Jeudi après-midi, au Learning Center de Belval, la Française a été «happée» par des entreprises qui ne trouvent pas de ressources humaines pour mener à bien leurs projets, ou même seulement pour les lancer.
Sophie, votre arrivée il y a un peu plus d’un an à la tête de 42 a été très remarquée. Pourquoi?
Sophie Viger. – «Parce qu’en un an, le nombre de femmes qui ont participé à l’épreuve de sélection pour entrer à l’école, la piscine, a augmenté de 50%. De 14,8% quand je suis arrivée, elles sont passées à 29%. Nous aurons dorénavant une volonté politique, farouche, de continuer à progresser sur cette question-là. Du coup, nous avons monté un certain nombre d’actions.
En interne, d’abord, en aménageant les locaux. Les douches existaient… nous avons ajouté des sèche-cheveux, nous avons mis en place un référent de mixité, qu’il est possible de saisir en cas de souci, une adresse mail de ‘social report’ pour ne rien laisser passer sur les questions de sexisme, de racisme, de xénophobie ou d’homophobie.
Nous avons établi des règles sur Slack, très strictes aussi avec l’humour. À partir du moment où l’humour n’est plus drôle pour l’autre, ce n’est plus de l’humour… ce qui ne nous empêche pas de bien nous marrer. Il faut juste mettre en place des cadres.
Après, nous voulons que les femmes soient plus présentes, notamment dans les conférences. Nous les invitons à aller sur scène, à des tables rondes. Nous avons aussi des actions en direction des collégiennes ou des lycéennes pour qu’elles comprennent que devenir développeur est possible! Et nous menons aussi des actions vers les femmes à Pôle Emploi (l’équivalent français de l’Adem).

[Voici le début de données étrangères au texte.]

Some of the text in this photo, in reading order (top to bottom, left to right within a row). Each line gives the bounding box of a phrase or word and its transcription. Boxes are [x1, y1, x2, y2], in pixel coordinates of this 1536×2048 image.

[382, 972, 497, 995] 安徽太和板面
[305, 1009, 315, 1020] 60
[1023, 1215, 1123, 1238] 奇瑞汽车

Quand la Suède a mis en place une politique volontariste sur le sujet, par exemple dans le domaine du jazz, de plus en plus de concerts devaient intégrer des femmes. Au début, c’était une catastrophe, mais la qualité a tellement augmenté depuis! Les petites filles voient des femmes sur les affiches et veulent devenir musiciennes.
Les papas ont un rôle plus actif à jouer pour amener leurs filles vers ce secteur-là, au lieu de montrer la mécanique et l’informatique aux garçons.

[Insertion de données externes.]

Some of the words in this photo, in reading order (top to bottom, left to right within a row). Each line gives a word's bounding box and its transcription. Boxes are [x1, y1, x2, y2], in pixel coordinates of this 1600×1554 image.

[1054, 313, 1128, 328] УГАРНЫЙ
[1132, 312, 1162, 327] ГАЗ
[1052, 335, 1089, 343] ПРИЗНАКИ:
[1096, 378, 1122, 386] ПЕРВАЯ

Tout ça parle d’un côté «négatif», dans le sens où il faut pousser les femmes vers ces secteurs, mais vous les tirez, aussi! De manière positive.

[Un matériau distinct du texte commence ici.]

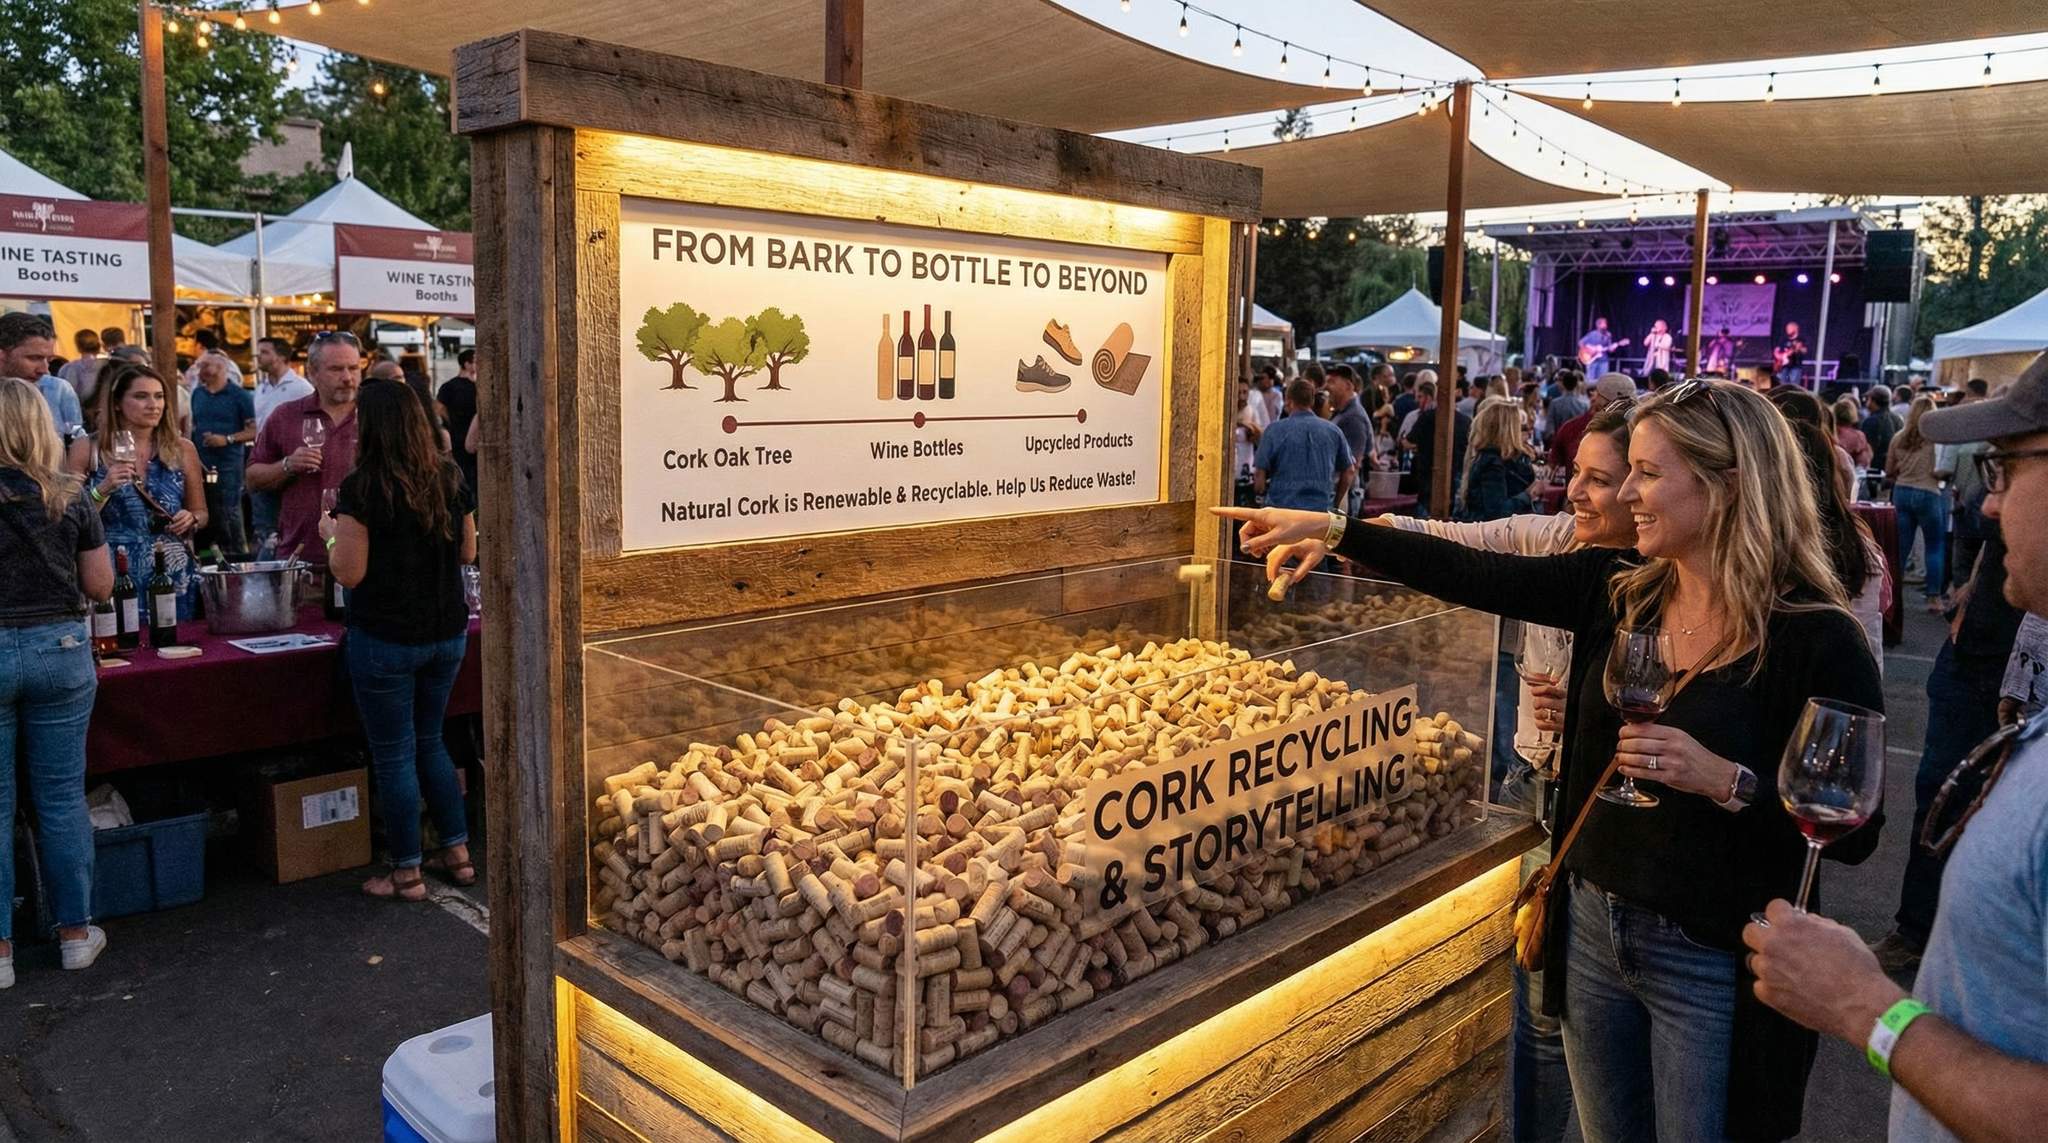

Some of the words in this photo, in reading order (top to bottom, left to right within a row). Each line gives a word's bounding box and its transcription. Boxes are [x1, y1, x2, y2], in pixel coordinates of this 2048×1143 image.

«Oui! Revenons aux fondamentaux. Pourquoi en sommes-nous arrivés à des discussions genrées dans ces activités? Jusqu’aux années 1980, ces problèmes n’existaient pas. Puis, il y a eu l’arrivée des ordinateurs individuels, que les familles, plutôt aisées et blanches, offraient plutôt aux garçons, qui ont commencé à former des communautés de geeks.
Et évidemment, quand le secteur s’est développé économiquement, est devenu porteur, bien payé et que les parents ont poussé leurs fils de 7-8 ans à s’y engager, ils y sont allés! Il n’y a pas de raison que seuls les hommes profitent d’un secteur porteur. Même quand la robotisation et l’intelligence artificielle ont un impact, surtout sur les plus précaires, et donc des femmes.
Deuxièmement, nous voulons aussi leur faire comprendre que l’économie numérique manque de main-d’œuvre. C’est aussi simple que ça. Et que beaucoup de sociétés n’ont pas les moyens de se payer un développeur expérimenté. Il y a de la place pour la diversité.
Enfin, la présence de femmes sur ce secteur est une question d’humanité. La diversité, pas seulement dans la dimension hommes-femmes, a toujours fait progresser toutes les sociétés. Vous trouvez normal que pendant longtemps, les applications de santé n’intègrent même pas le fait qu’une femme ait ses règles?
Est-ce qu’emmener de plus en plus de femmes, de gens en général, vers le code et le développement, comme vous le faites à 42, est vraiment une bonne idée au moment où on voit des choses s’automatiser de plus en plus?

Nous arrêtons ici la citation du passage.